2026-03-21

Replaced a signal-deduplication pipeline that looked messy with one that looked clean. Production LLM cost jumped from $0.84/day to $3.50/day. Signal volume for one ticker (Rocket Lab) went from 3 entries/day to 69 entries/day. Reverted in two days, deleted 1,629 lines of the new architecture, and shipped a narrower variant that swapped only one stage.
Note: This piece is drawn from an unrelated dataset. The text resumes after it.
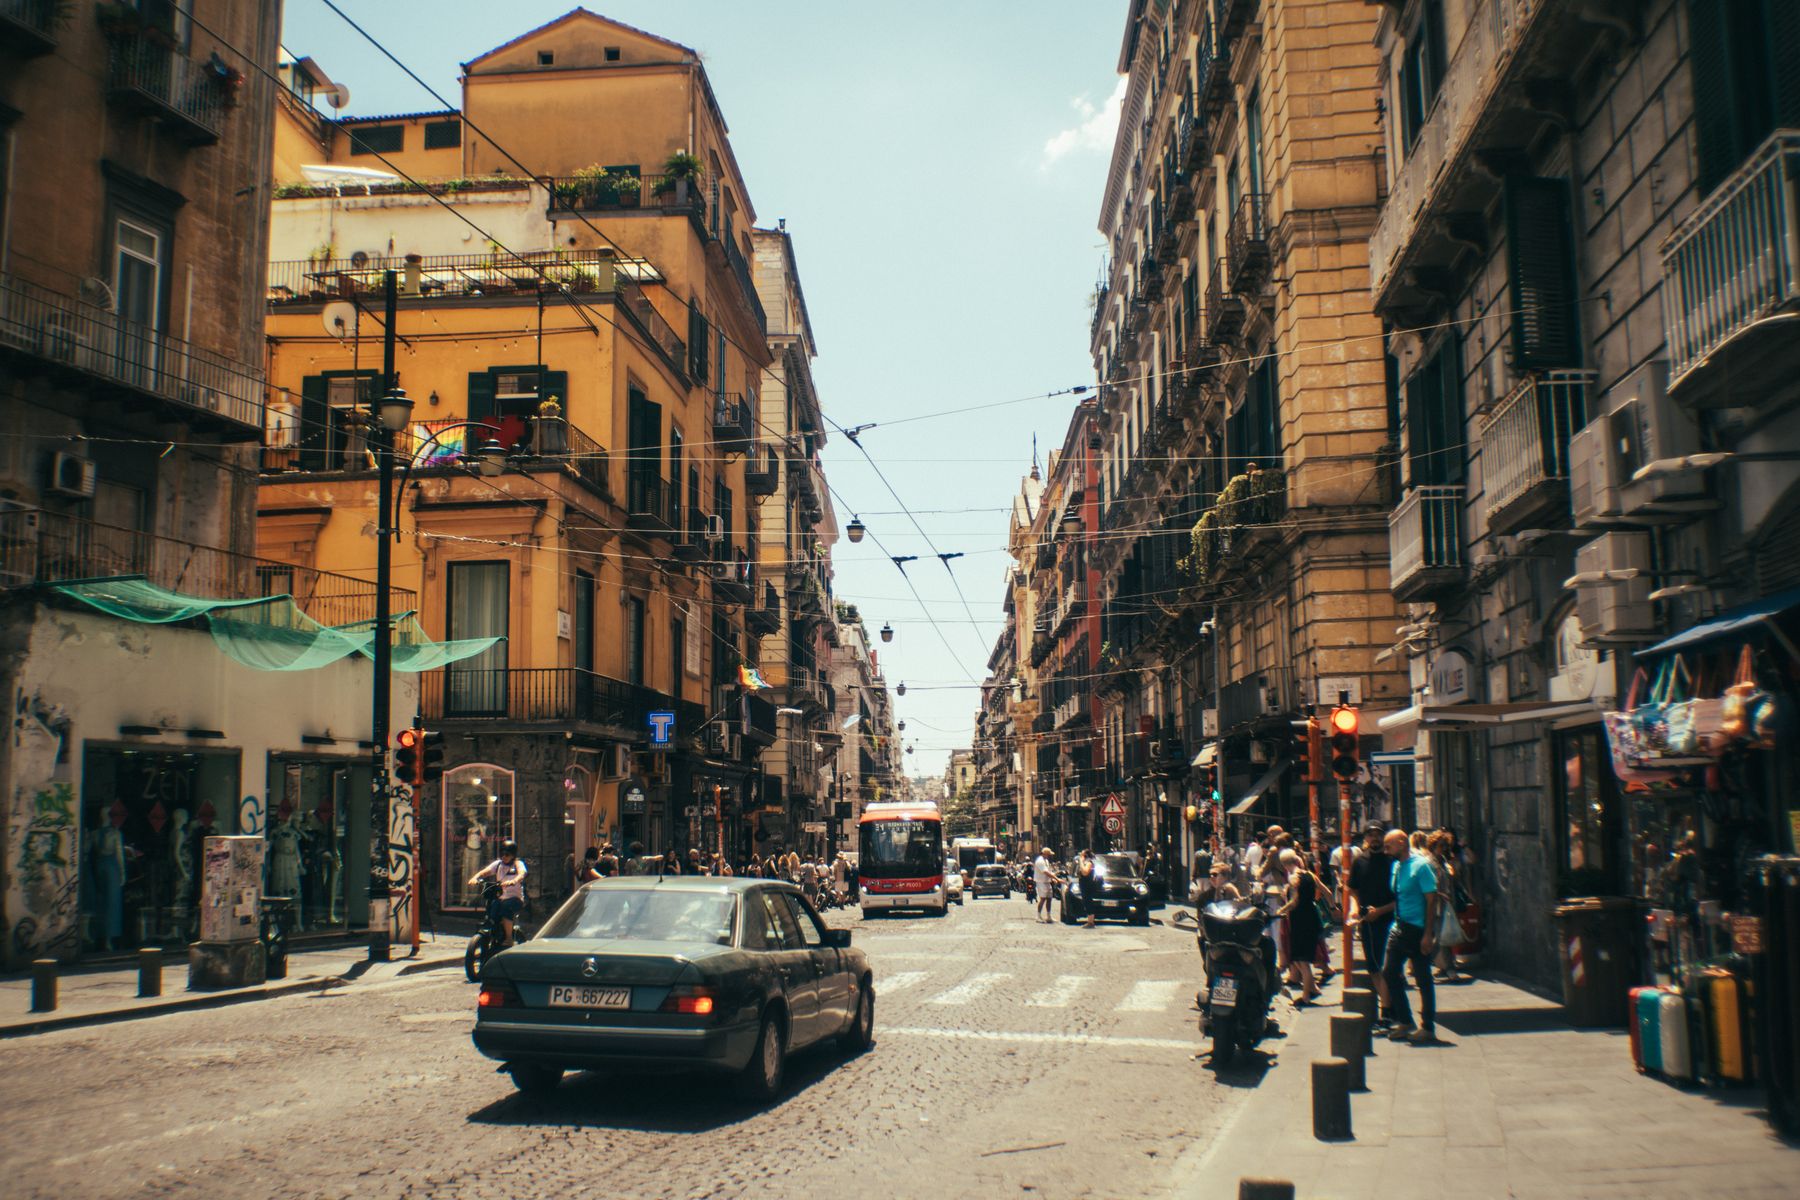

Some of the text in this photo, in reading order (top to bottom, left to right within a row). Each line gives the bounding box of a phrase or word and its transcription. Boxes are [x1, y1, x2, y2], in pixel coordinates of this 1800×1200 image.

[649, 713, 674, 742] T
[1107, 820, 1119, 830] 30
[553, 987, 629, 1006] PG 667227
The pipeline pulls articles from 50+ financial news sources every two hours, parses each into structured signals, and dedupes before synthesis. The old version did dedup in three stages. A title-similarity clusterer grouped articles into events at a SequenceMatcher threshold of 0.45. An LLM extracted signals per event, one call per event regardless of how many articles landed there. A final batched LLM dedup catch caught cross-title duplicates at the signal layer. A pre-work investigation found three real leaks: cross-title dupes the title clusterer missed, signals split across the 48-hour event window, and occasional hallucinated IDs from the LLM dedup catch. The cleaner architecture replaced the title clusterer and the LLM dedup catch with one embedding clusterer that ran at the article layer, before extraction, with a cosine threshold of 0.75. Two stages collapsed into one. Prevent duplication at the source.
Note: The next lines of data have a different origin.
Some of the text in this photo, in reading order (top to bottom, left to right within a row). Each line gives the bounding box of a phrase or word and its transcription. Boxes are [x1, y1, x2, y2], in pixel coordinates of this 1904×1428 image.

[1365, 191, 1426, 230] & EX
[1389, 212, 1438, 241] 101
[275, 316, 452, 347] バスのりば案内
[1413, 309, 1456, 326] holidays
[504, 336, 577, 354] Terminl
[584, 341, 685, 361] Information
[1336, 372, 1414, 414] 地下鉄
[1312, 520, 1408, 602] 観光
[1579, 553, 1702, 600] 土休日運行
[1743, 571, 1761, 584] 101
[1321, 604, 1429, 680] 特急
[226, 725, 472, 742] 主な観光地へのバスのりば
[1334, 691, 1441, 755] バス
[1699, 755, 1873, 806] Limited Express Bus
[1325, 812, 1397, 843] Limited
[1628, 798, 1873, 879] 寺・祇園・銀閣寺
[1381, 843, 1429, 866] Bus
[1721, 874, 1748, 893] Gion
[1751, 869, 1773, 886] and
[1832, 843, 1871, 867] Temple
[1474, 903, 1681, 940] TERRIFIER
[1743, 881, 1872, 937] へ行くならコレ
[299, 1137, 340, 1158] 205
What I had not measured was what the messy thing was silently doing. The old title-clusterer at 0.45 was much more aggressive than the new embedding clusterer at 0.75. “Very similar” articles in embedding space are not the same articles by topic; they are just close. The new clusterer split apart articles the old one had merged. That meant one extraction call per article instead of one per event, roughly 3x more upstream extraction calls. Then 4x more surviving signals drove 4x more entity-update calls downstream. The summarize-entity stage cost went from $0.01-0.05 per cycle to $0.10-0.25 per cycle. Each layer of the cascade was a separate cost multiplier, none of which I had modeled, because the old pipeline’s grouping was not visible as architecture. It was visible only as the LLM call count, which had been low.

The revert kept the old event clusterer plus per-event extraction and swapped only the final dedup catch (an LLM-batched call) for an embedding cosine check that ran on the smaller signal volume. Embedding cost is now around $0.002/day. Same dedup quality, no upstream cascade.

The trap was conflating “theoretically cleaner data flow” with “practically better.” Architectural waste, like extracting a duplicate before deduping it, is visible and quantifiable. Architectural batching, like grouping articles into events so a single extraction call covers all of them, is invisible until you remove it. The first looks like obvious work to do. The second is the work.